I don’t believe my scripts give too much direction, and I rarely write the type of shots I have in mind — I do picture them, but I’d rather allow the artist to come with their own vision, it definitely makes for a better book. Then Elsa will do her pass, give me her feedback and notes, and we rewrite the entire issue together. We’ve worked together for a while, so we pretty much know our respective strengths by now.
DW: Elsa, what made you decide to step away from doing the art as you did on the first series and just co-write?

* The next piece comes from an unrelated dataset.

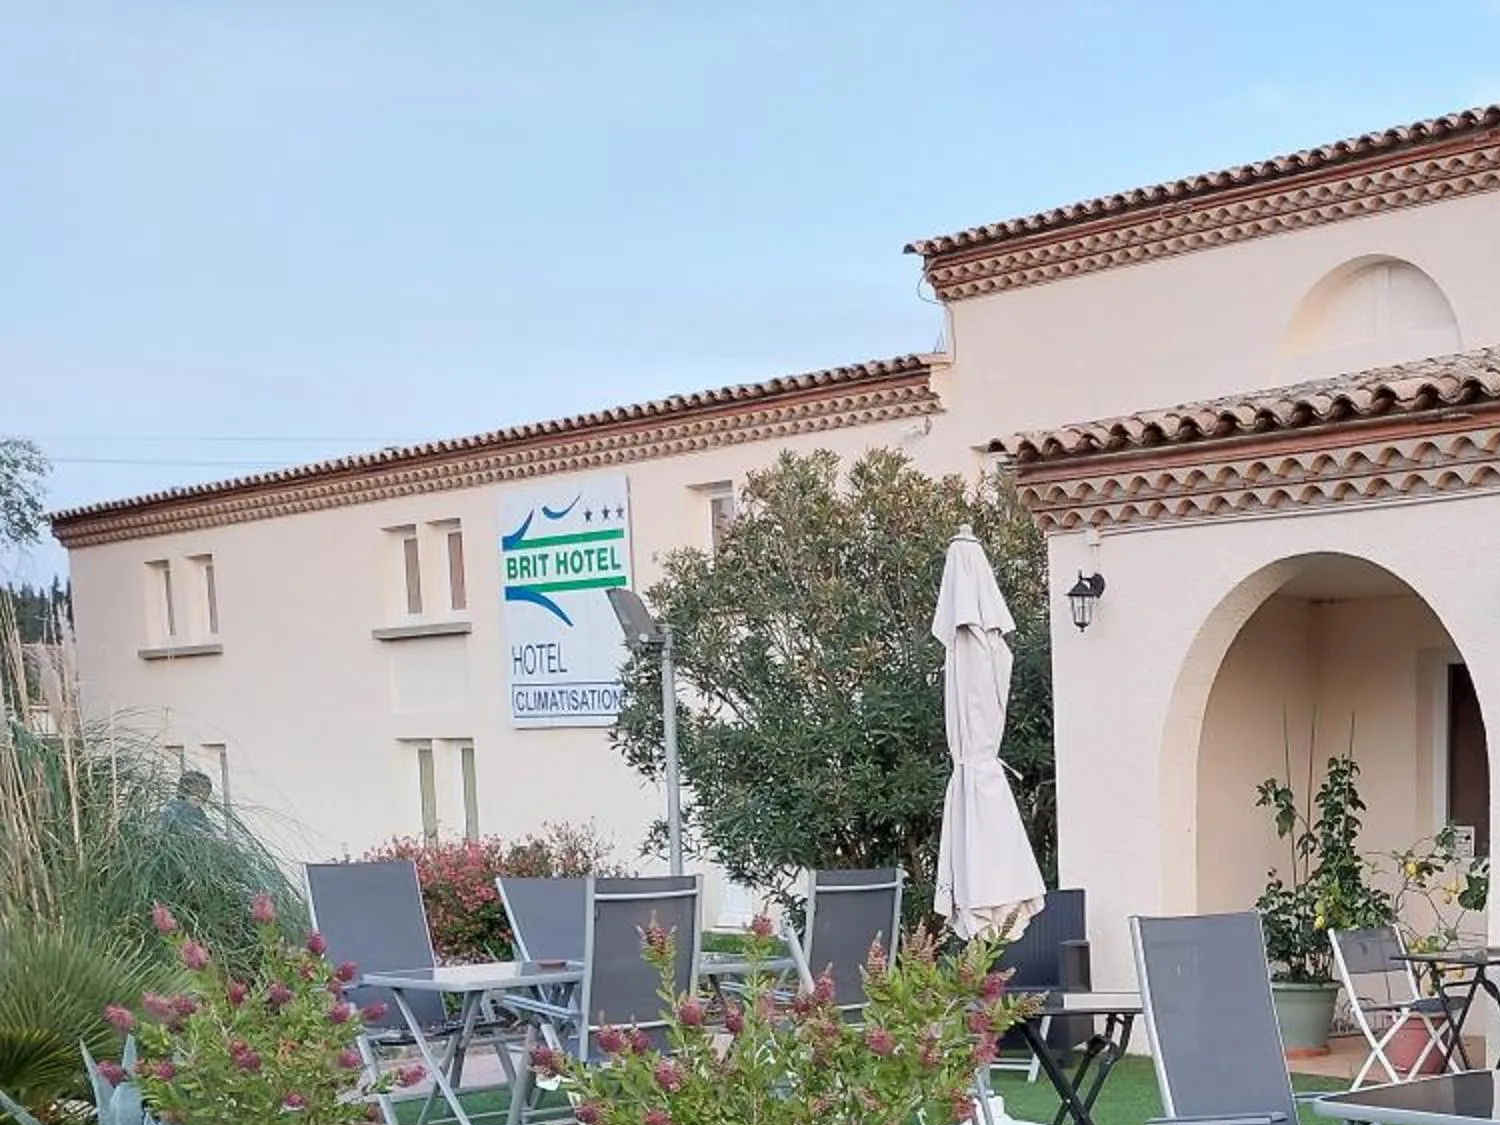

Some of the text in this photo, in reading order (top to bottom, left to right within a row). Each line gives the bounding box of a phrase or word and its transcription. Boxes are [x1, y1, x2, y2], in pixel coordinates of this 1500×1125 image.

[507, 546, 621, 580] BRIT HOTEL
[512, 643, 567, 675] HOTEL
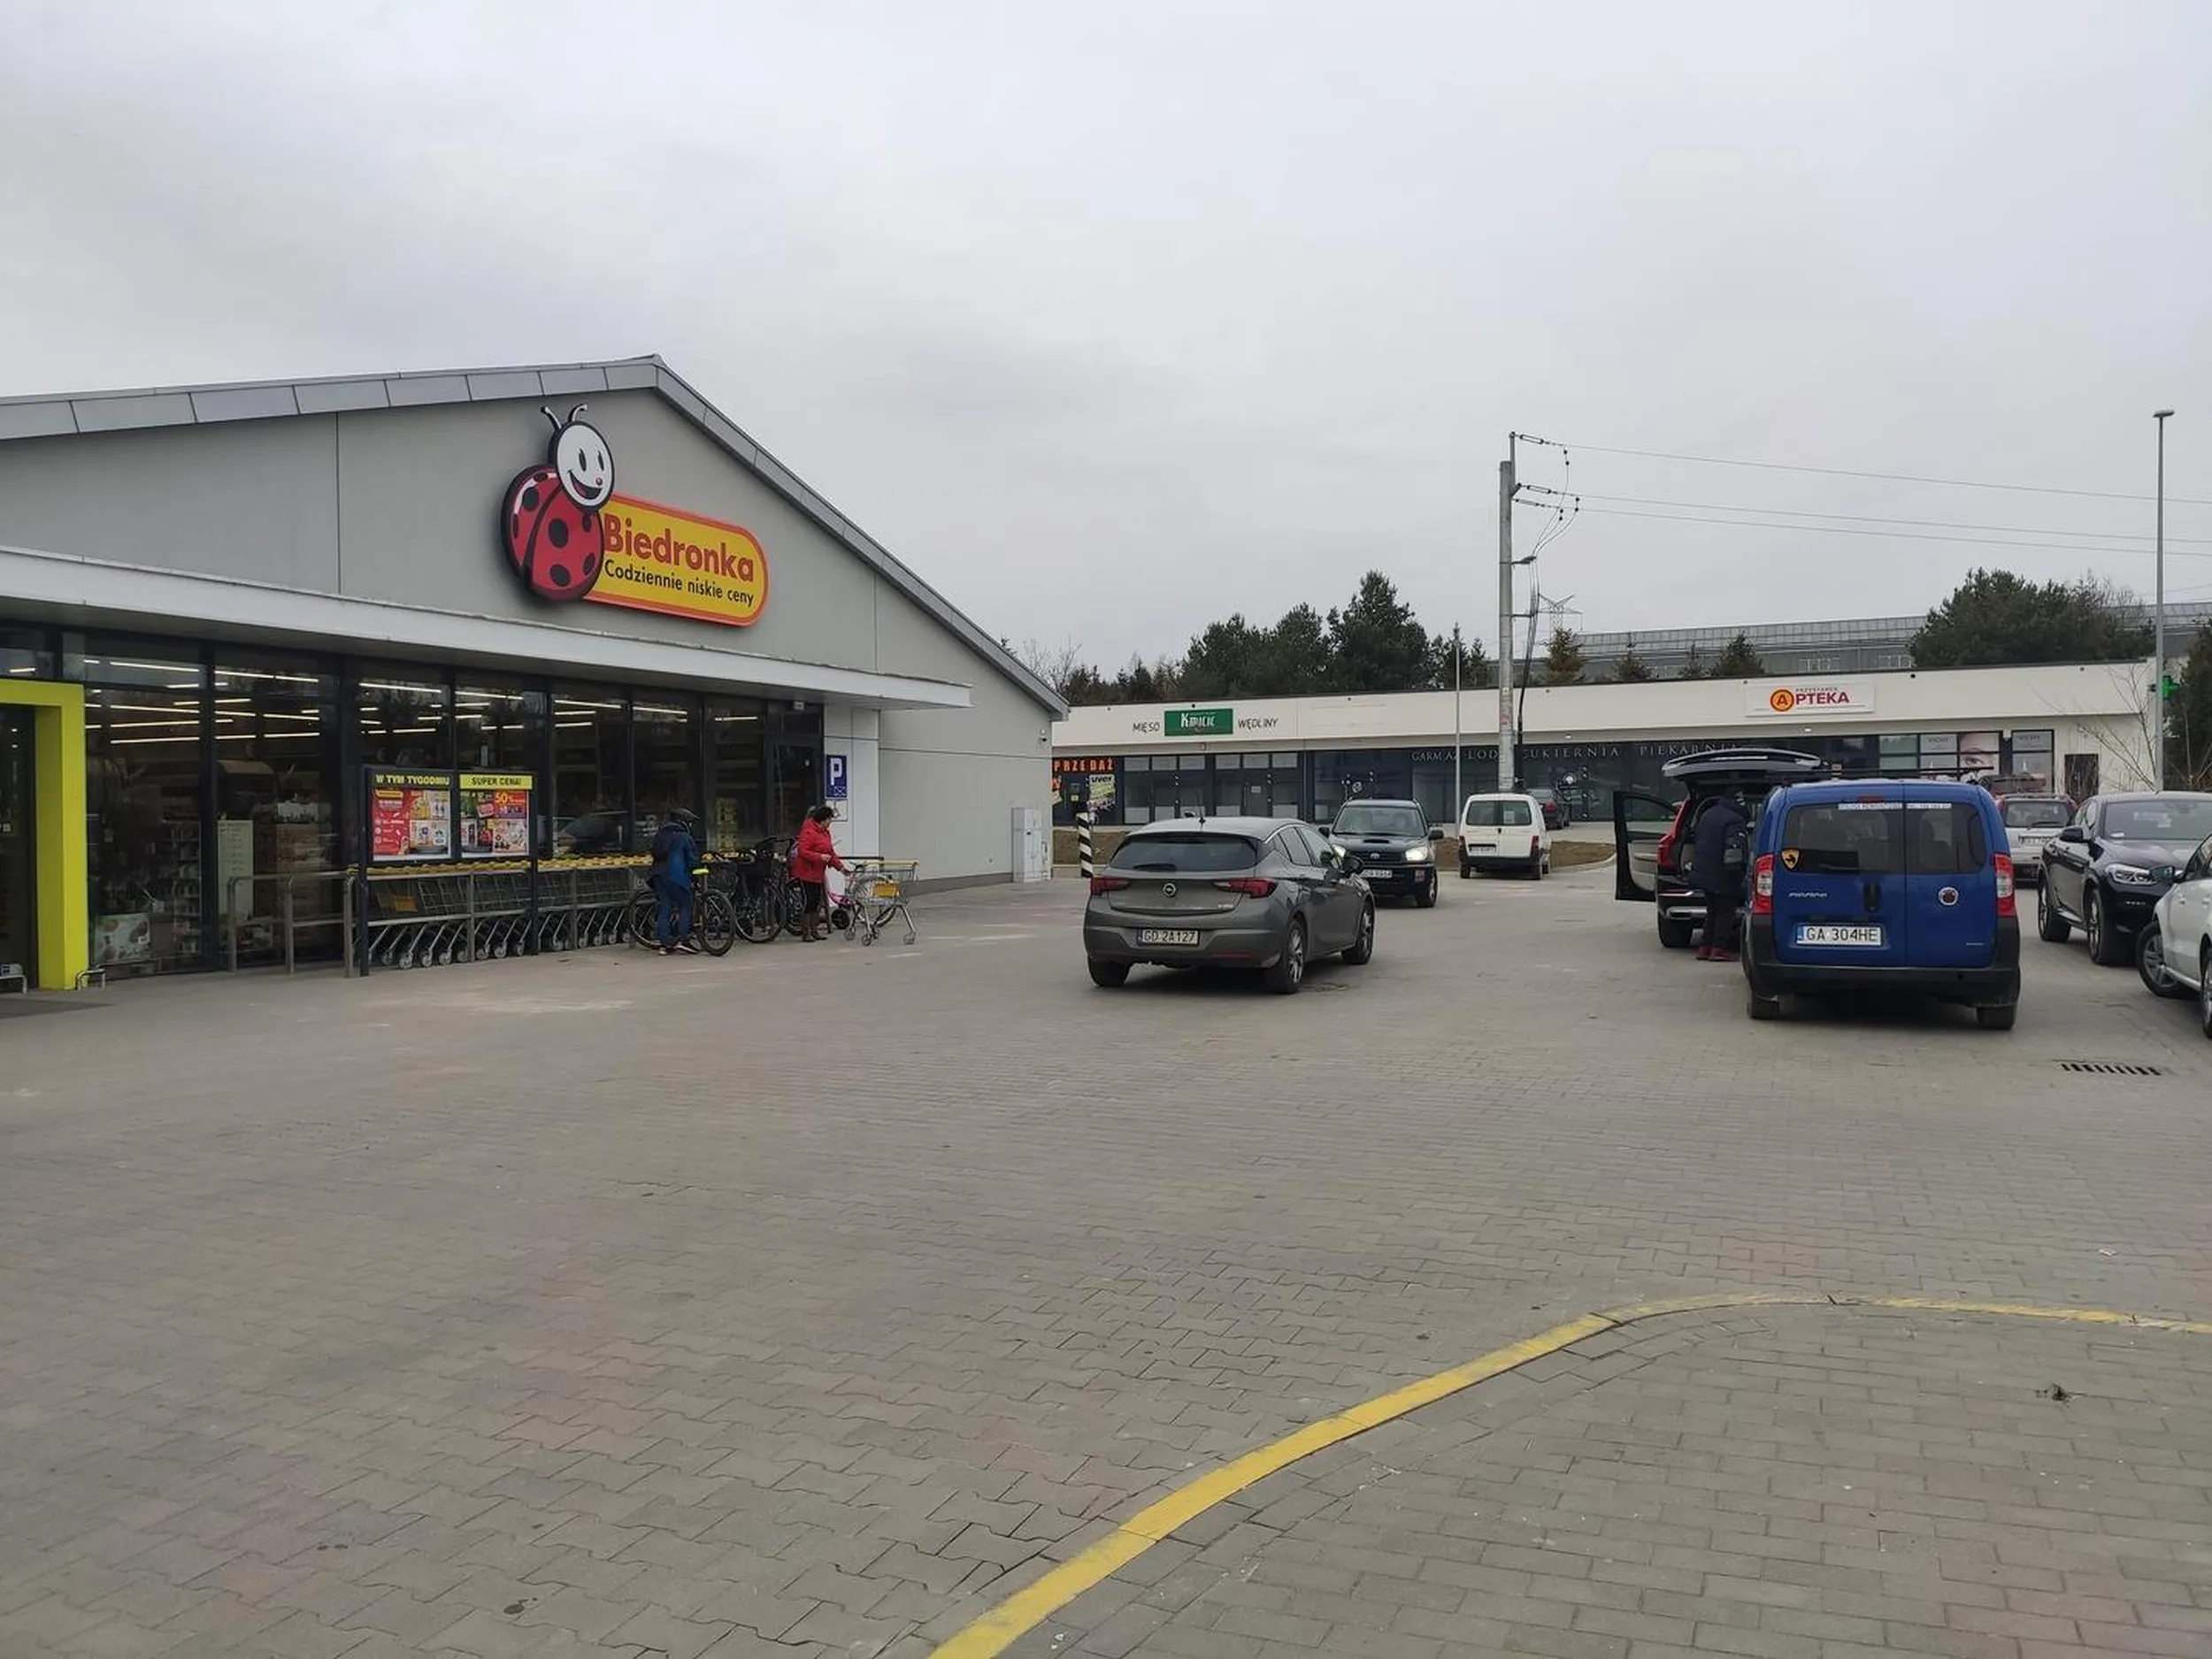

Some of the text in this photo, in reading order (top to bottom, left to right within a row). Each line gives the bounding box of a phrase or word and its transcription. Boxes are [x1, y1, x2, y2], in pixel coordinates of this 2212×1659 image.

EC: It was many different things. First, I had a lot of interior work planned on other titles, so it would have meant putting Volume 2 on hold for a lot longer. I had been involved with the writing on Volume 1, but I wasn’t co-writing it per say, and I kind of felt the itch to push in that direction. And writing a script you won’t be drawing is a completely different experience — it felt like a new challenge I wanted to tackle.
DW: How did you decide on Daniele Di Nicuolo as the artist for the second series? What does Daniele bring to the series that outshined other choices?
EC : We wanted someone who would have a very different style from my own, to avoid comparison. I have a more ’50s classic vibe, when he tends to lean more toward manga. Which is actually perfect, because this volume has a lot of action and fighting and Daniele is absolutely fantastic at that. His work on Power Rangers: Pink (I did covers for the mini-series and that’s how we discovered his work) was outstanding, and we felt he’d bring a unique touch to the book.
DW: For the folks who haven’t picked up the series yet, give me the two-sentence Hollywood elevator pitch for the series. Why should new readers seek out the trade and the new series?
PC: Teddy, our main character, finds herself in a town where people are addicted to head-sets that project a life of fantasy, a life of lies. As the subtitle states it and as I said above, this new volume is about truth and perception. We intersect these somehow theoretical themes to the much more pragmatic opioid epidemic in West Virginia, and delve into this specific question: is it okay to lie to people to create hope?